Une tradition ancienne, dont sans doute bien des historiens pourraient sourire tant elle est difficile à vérifier scientifiquement, mais dont les théologiens et les croyants s’inspirent dans leur prière, nous dit que saint Denis, le fondateur de notre Église, était entouré de deux compagnons, Rustique et Éleuthère. Cette tradition voulait voir dans ces deux compagnons un prêtre et un diacre, sans doute pour nous aider à comprendre que ce qu’il y a d’exceptionnel dans la vie de saint Denis n’est pas lié simplement à sa personne, mais lié à sa mission de l’Église dont il avait reçu la charge. Cette mission de l’Église, nous en avons un éclairage à travers les lectures que nous venons d’entendre, elle consiste à annoncer le salut à l’humanité. « Il est beau de voir courir sur les montagnes le messager qui annonce la paix, le messager de la bonne nouvelle, qui annonce le salut » (Is 52, 7).

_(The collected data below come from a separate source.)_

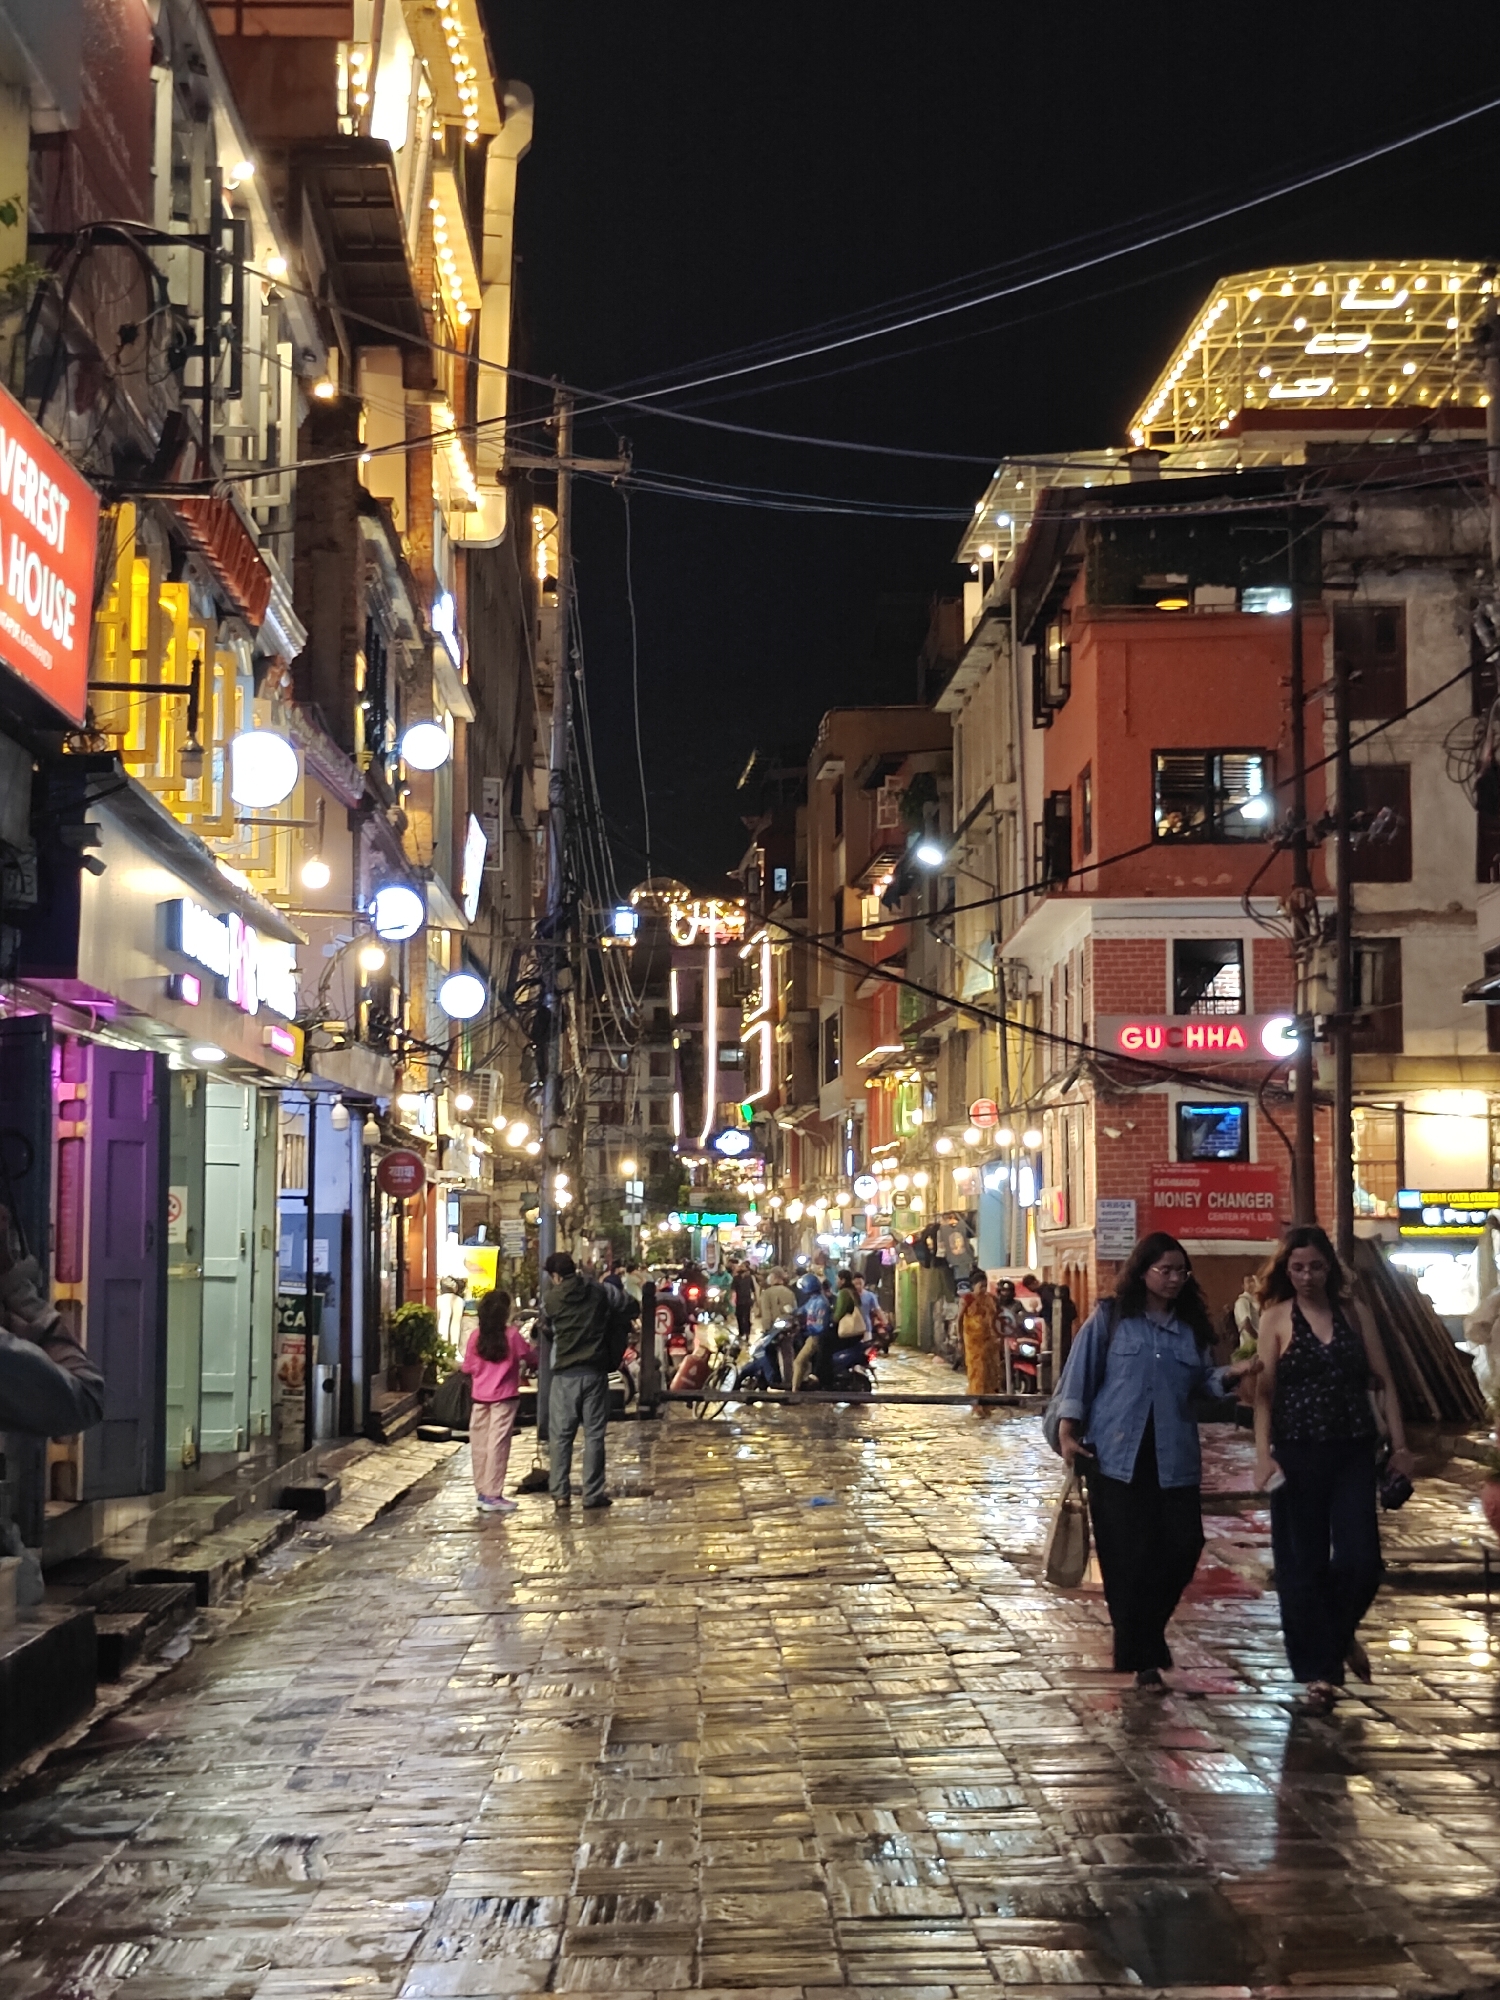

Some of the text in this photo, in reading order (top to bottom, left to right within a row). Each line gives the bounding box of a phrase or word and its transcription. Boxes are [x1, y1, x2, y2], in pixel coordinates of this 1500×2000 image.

[8, 533, 76, 651] HOUSE
[1121, 1025, 1245, 1049] GUCHHA
[1154, 1191, 1274, 1208] MONEY CHANGER
[1207, 1212, 1239, 1221] CENTER
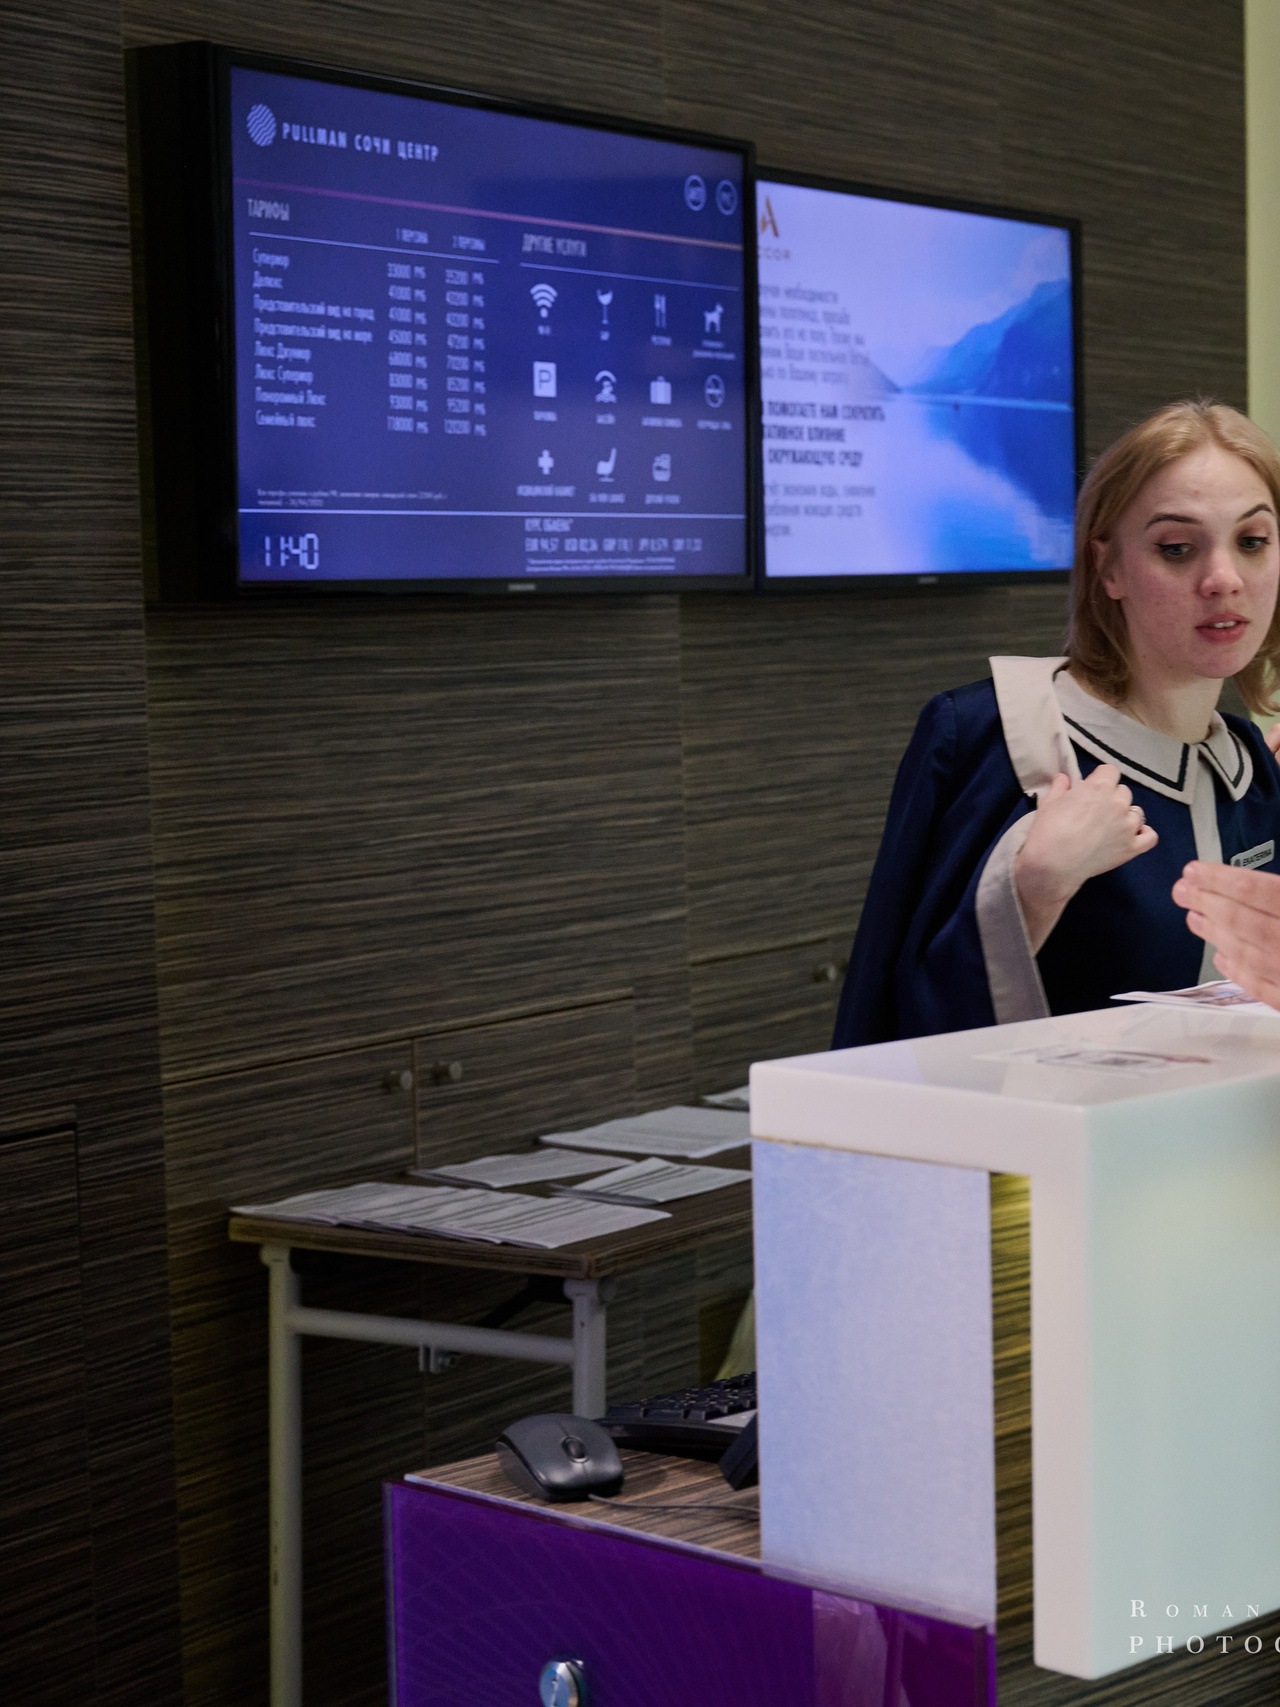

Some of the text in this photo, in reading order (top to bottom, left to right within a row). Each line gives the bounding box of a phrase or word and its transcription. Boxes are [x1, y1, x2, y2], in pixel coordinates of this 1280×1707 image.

C’est la première mission de l’Église d’être messagère de cette bonne nouvelle et d’annoncer le salut aux hommes à travers les épreuves qu’ils traversent. Cette mission se prolonge et s’accomplit à travers la mission du Christ bon pasteur qui livre sa vie pour ses brebis. La mission de l’Église est donc à la fois une mission prophétique, une mission de veilleur chargé d’annoncer l’avènement du salut, et une mission pastorale, une mission de soin pour accompagner l’humanité dans sa réponse aux dons de Dieu.

Ces deux dimensions de la proclamation de la bonne nouvelle du salut et de l’accompagnement pastoral des hommes constituent les références de notre vie ecclésiale à travers les siècles, et aujourd’hui, encore, pour nous, comme nous le manifeste de façon aussi simple et directe les interventions de notre pape au cours des semaines et des mois écoulés, quand il nous invite à centrer toute notre expérience chrétienne sur la personne du Christ et quand il nous invite à être témoins et acteurs de la miséricorde de Dieu à l’égard des hommes.

Annoncer et servir, annoncer et prendre soin, proclamer la bonne nouvelle et donner tout ce que l’on a, tout ce que l’on est, pour aider les hommes à répondre à cette bonne nouvelle.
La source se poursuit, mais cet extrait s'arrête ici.